→ Instructions for the task
Where an entry below contains an image, skip the image and reproduce the rest exactly.

[[ Input records open ]]

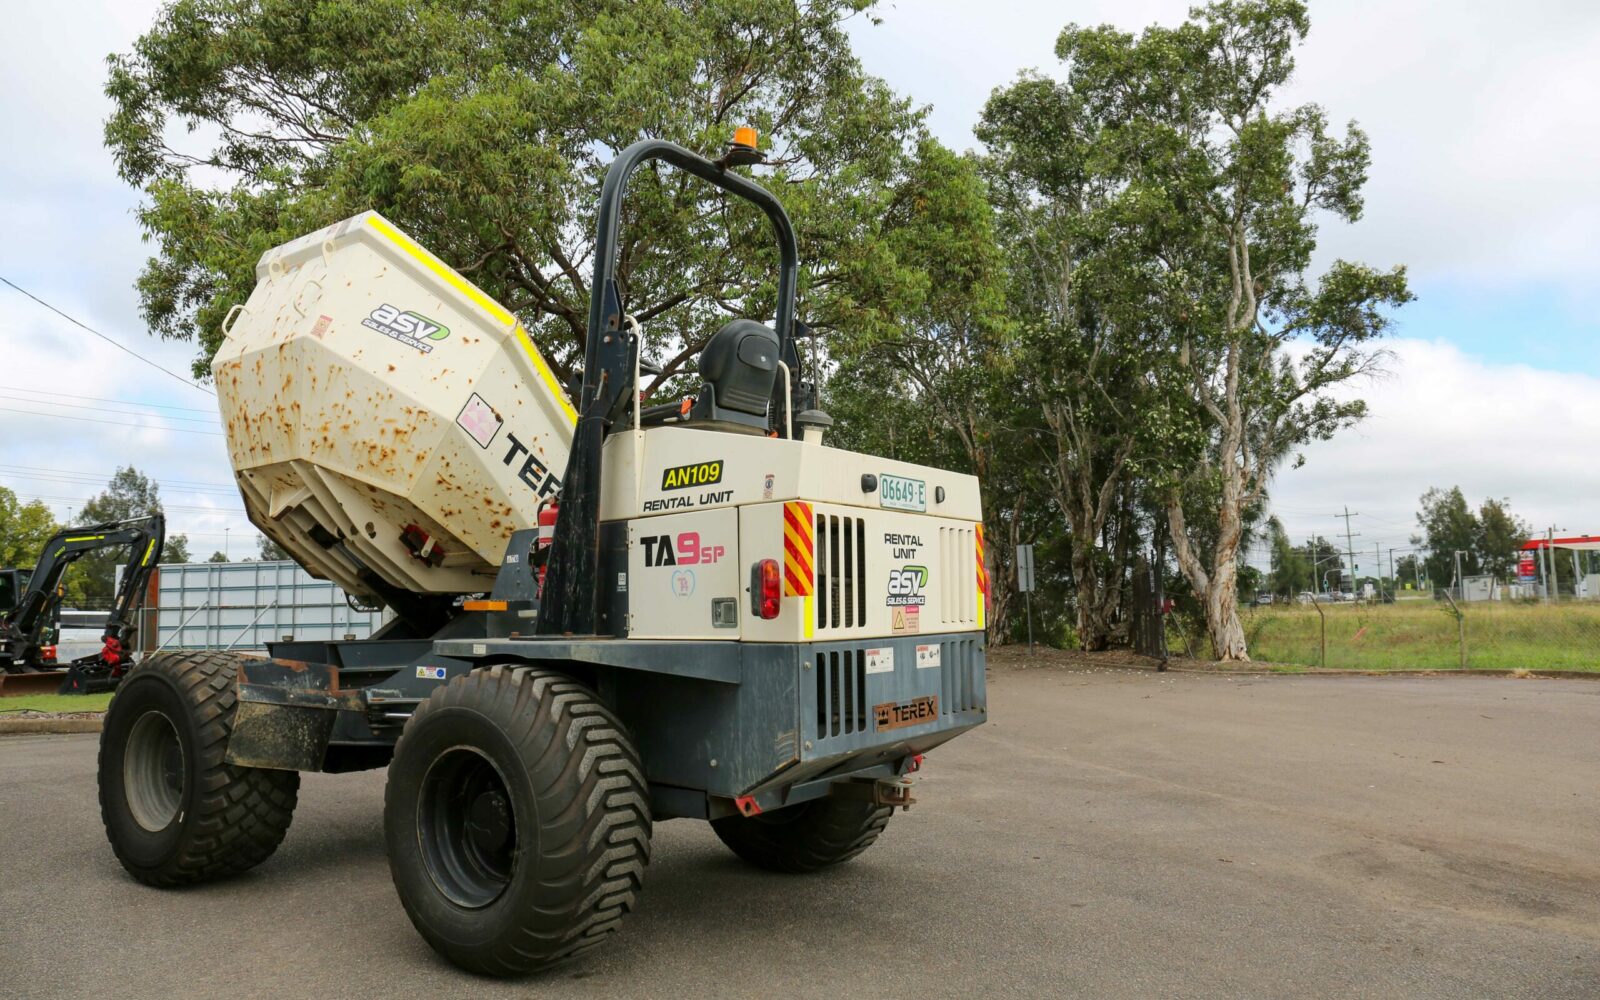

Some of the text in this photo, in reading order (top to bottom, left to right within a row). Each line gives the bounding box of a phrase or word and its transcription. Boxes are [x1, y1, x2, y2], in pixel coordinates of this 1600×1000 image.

[362, 318, 392, 336] SALES
[398, 333, 432, 353] SERVICE
[664, 463, 720, 488] AN109
[643, 490, 734, 512] RENTAL UNIT
[884, 533, 924, 547] RENTAL
[893, 548, 917, 559] UNIT
[893, 700, 935, 722] TEREX

[[ Input records closed ]]

→ Worked solution
Some of the text in this photo, in reading order (top to bottom, left to right within a row). Each line gives the bounding box of a phrase or word and its transcription. Boxes are [x1, y1, x2, y2], in pixel coordinates of this 1600×1000 image.

[362, 318, 392, 336] SALES
[398, 333, 432, 353] SERVICE
[664, 463, 720, 488] AN109
[643, 490, 734, 512] RENTAL UNIT
[884, 533, 924, 547] RENTAL
[893, 548, 917, 559] UNIT
[893, 700, 935, 722] TEREX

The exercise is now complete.